(Task inputs begins)

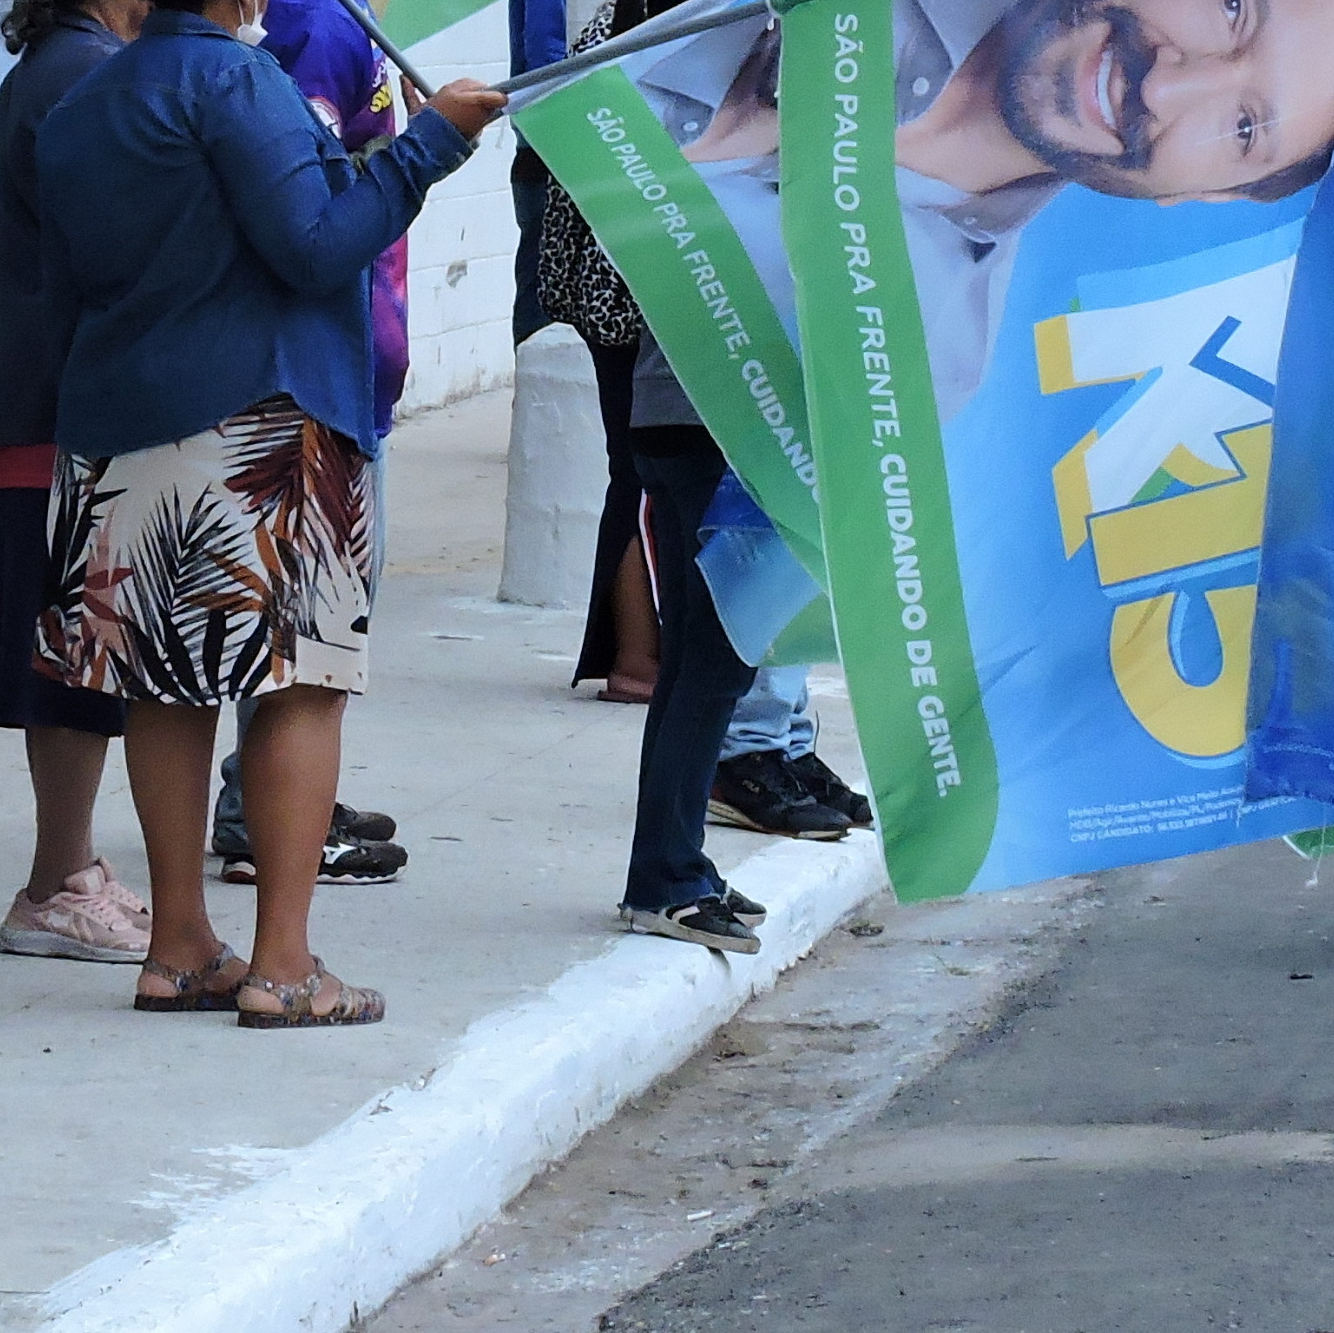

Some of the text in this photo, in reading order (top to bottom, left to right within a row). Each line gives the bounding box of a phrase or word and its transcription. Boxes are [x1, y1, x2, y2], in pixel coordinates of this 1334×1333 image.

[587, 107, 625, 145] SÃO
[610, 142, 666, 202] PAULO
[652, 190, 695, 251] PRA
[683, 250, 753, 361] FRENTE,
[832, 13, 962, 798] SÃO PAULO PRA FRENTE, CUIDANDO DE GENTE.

(Task inputs ends)

**Task objective:** Please retype the listing in full, exactly as given, and skip every image.

**Problem solution:**
Some of the text in this photo, in reading order (top to bottom, left to right within a row). Each line gives the bounding box of a phrase or word and its transcription. Boxes are [x1, y1, x2, y2], in pixel coordinates of this 1334×1333 image.

[587, 107, 625, 145] SÃO
[610, 142, 666, 202] PAULO
[652, 190, 695, 251] PRA
[683, 250, 753, 361] FRENTE,
[832, 13, 962, 798] SÃO PAULO PRA FRENTE, CUIDANDO DE GENTE.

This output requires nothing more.